To do>
Every single line below has to be printed once more, exactly.

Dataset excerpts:
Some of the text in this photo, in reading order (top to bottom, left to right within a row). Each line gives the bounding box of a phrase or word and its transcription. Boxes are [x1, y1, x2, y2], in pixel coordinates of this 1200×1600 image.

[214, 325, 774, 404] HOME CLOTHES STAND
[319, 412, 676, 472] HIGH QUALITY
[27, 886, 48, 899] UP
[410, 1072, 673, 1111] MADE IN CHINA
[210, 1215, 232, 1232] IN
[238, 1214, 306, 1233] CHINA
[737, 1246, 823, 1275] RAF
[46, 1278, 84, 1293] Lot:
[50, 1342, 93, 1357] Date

Answer to the exercise>
Some of the text in this photo, in reading order (top to bottom, left to right within a row). Each line gives the bounding box of a phrase or word and its transcription. Boxes are [x1, y1, x2, y2], in pixel coordinates of this 1200×1600 image.

[214, 325, 774, 404] HOME CLOTHES STAND
[319, 412, 676, 472] HIGH QUALITY
[27, 886, 48, 899] UP
[410, 1072, 673, 1111] MADE IN CHINA
[210, 1215, 232, 1232] IN
[238, 1214, 306, 1233] CHINA
[737, 1246, 823, 1275] RAF
[46, 1278, 84, 1293] Lot:
[50, 1342, 93, 1357] Date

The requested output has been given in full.